Both this book and the exhibition speak volubly of a time when many Liosaich left because they could not support themselves or because they were ‘cleared’. For those who stayed life often became an unrelenting grind, a daily struggle to adapt or fail to adapt. The repercussions of these times are still with us. Thank goodness not as it was then; far from it, their lives are unimaginable. But sustainability matters today as it did then and, when the 1,831 Liosaich who lived here in the 1800s began to suffer increasing hardships, the population decline began. By 1850 only 600 remained. Today there are fewer than 200.
It was a heartbreaking time. To hear the voices of Liosaich giving evidence to the Napier Commission is to hear their mistreatment by absent landowners, the naked disregard for their well-being, the steady erosion of the lives they had known. It’s worth opening the images above to hear for yourself. They came from everywhere from Frackersaig to Port Ramsay.

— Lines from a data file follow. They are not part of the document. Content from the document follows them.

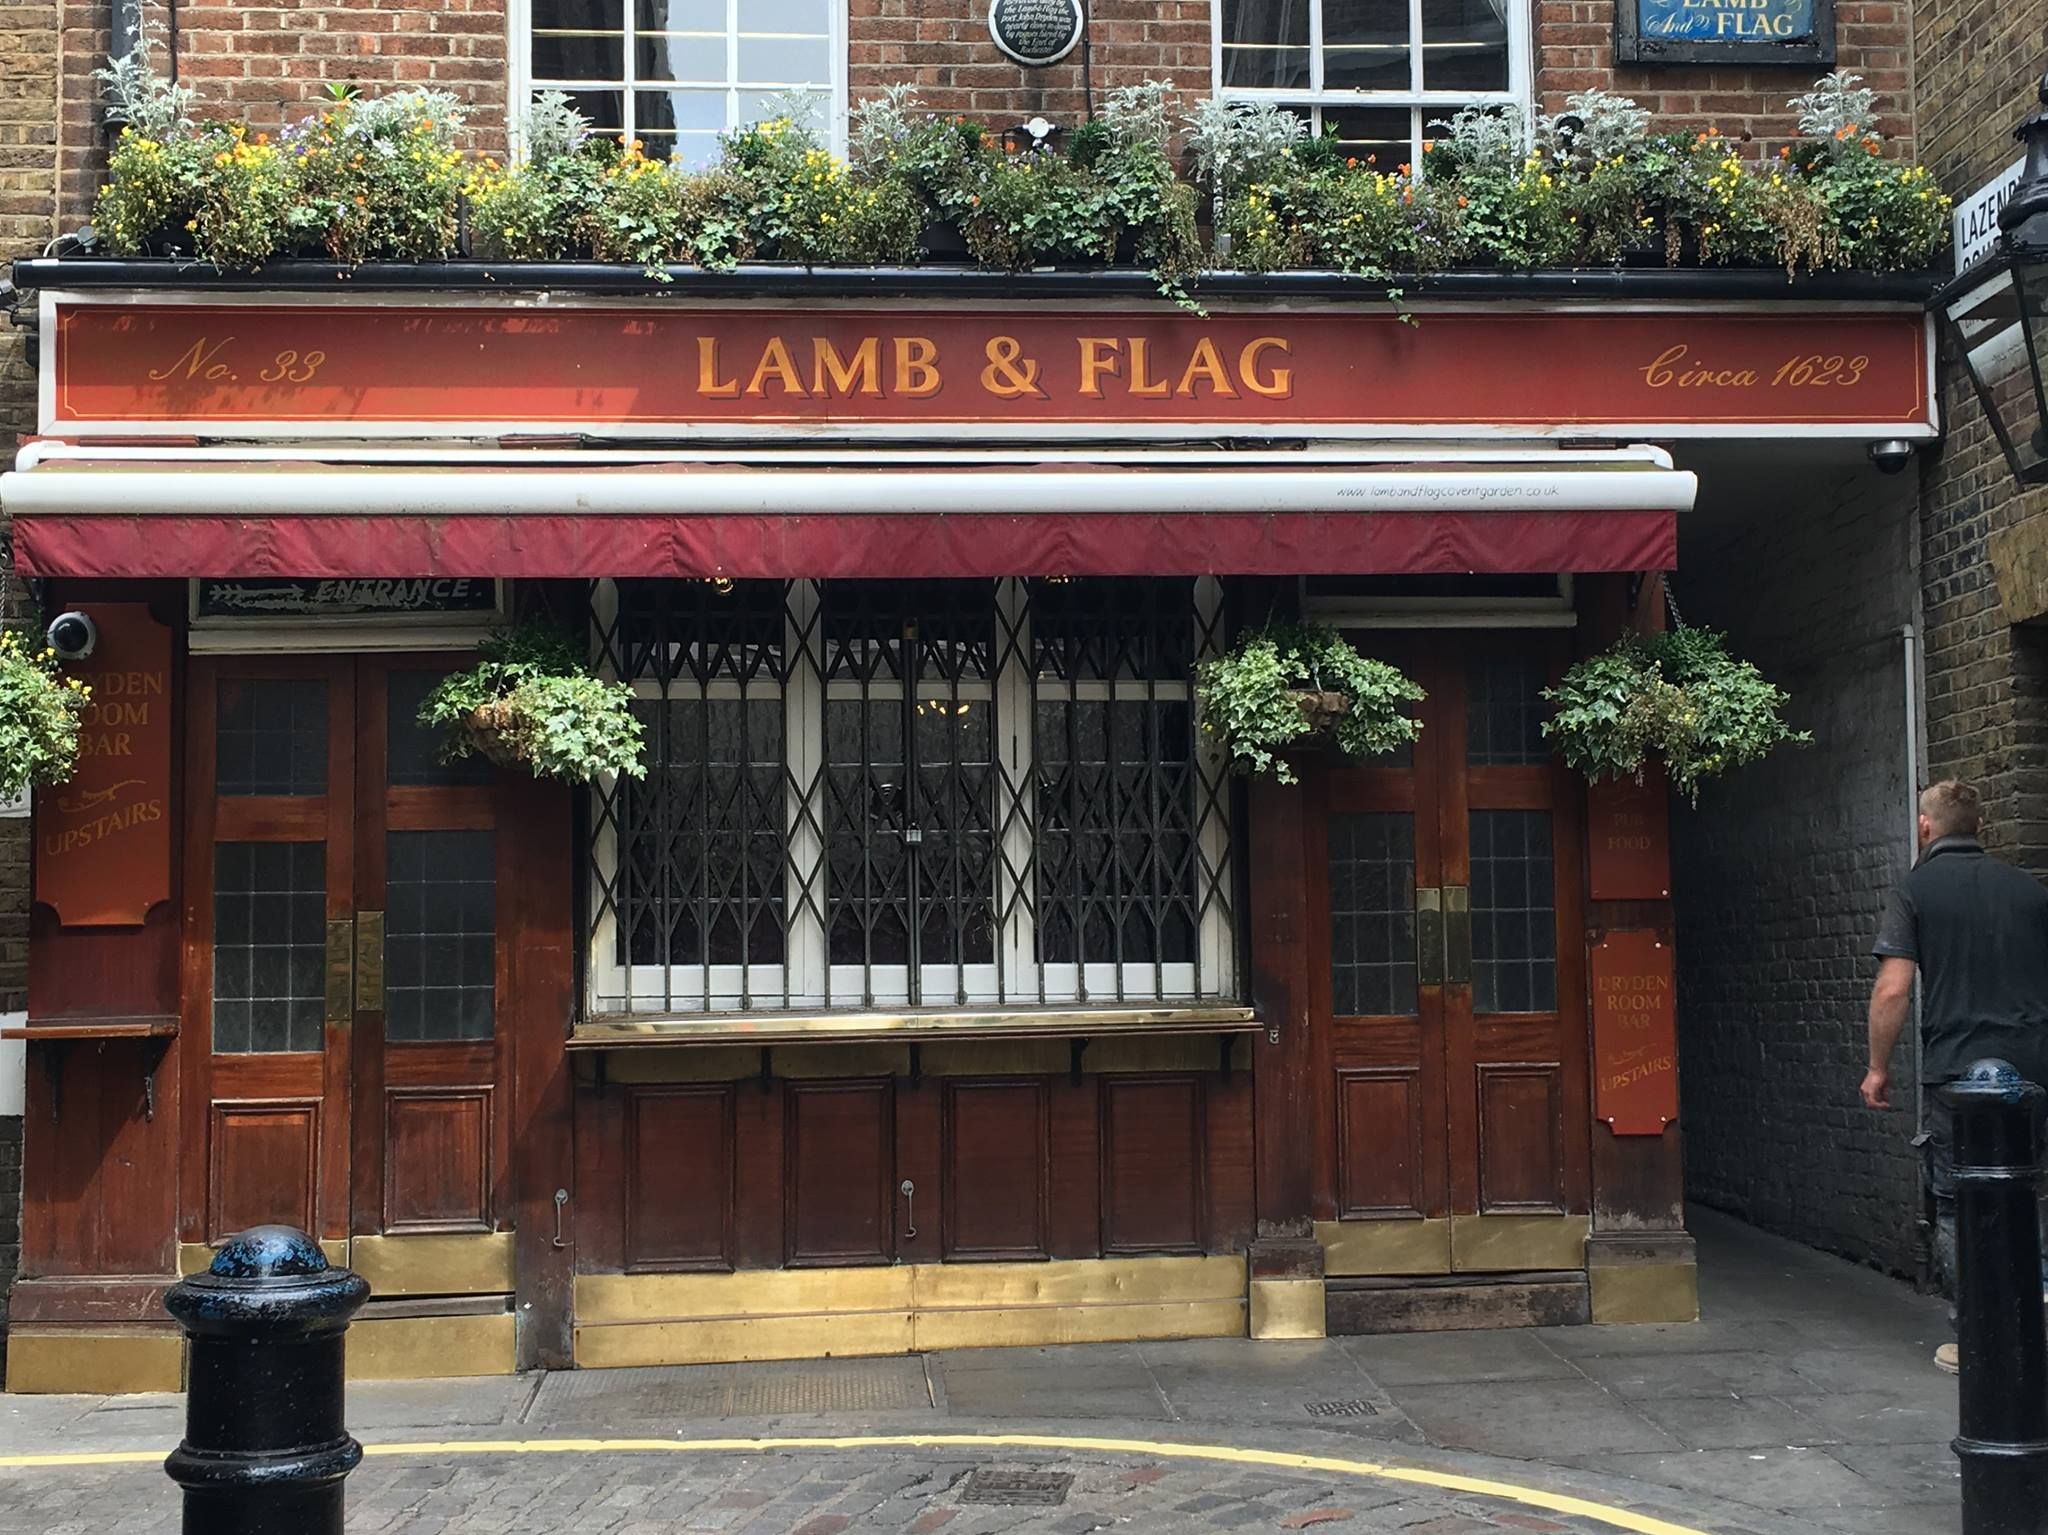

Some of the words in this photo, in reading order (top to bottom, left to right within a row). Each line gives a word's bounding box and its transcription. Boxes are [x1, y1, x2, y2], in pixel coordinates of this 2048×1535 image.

[1646, 12, 1707, 33] And
[1716, 12, 1793, 35] FLAG
[1961, 175, 2021, 249] LAZEN
[149, 336, 236, 381] No.
[260, 350, 326, 382] 33
[696, 336, 942, 397] LAMB
[980, 336, 1046, 397] &
[1077, 336, 1297, 397] FLAG
[1638, 344, 1759, 388] Circa
[1771, 354, 1869, 387] 1623
[80, 702, 150, 726] OOM
[78, 732, 132, 756] BAR
[46, 799, 162, 856] UPSTAIRS
[1607, 836, 1651, 850] FOOD
[1598, 975, 1668, 991] DRYDEN
[1607, 994, 1661, 1010] ROOM
[1618, 1013, 1651, 1029] BAR
[1601, 1055, 1672, 1092] UPSTAIRS

The Napier Commission was in fact the Royal Commission of Inquiry into the Condition of Crofters and Cottars in the Highlands and Islands. It was set up in 1883 as a response to crofters’ demands for desperately needed Land Law Reform. It was led by Francis Napier, a diplomat and the 10th Lord Napier. Prime Minister William Gladstone hoped the commission would end the unrest.
More about this exhibition and to see see family trees and other images go to the Special exhibition 2021 here
The words of Liosaich were hung about the room while the family trees of some who stayed, were on the wall: the MacGregors, MacColls, Blacks and Carmichaels. Names we all know and descendants we know and have known. In addition, information about trades such as boat building, with the relevant tools, were hung with lime quarrying tools, both big trades and industries in their day. Trades that made staying possible.
Dòmhnall MacIlleDhuibh says in his book that, A Tale or two from Lismore , ‘this island in the first two or three decades of the 19th century could boast a diversity of skills and trades … there were 42 people engaged in occupations other than agriculture’. One of these was boatbuilding.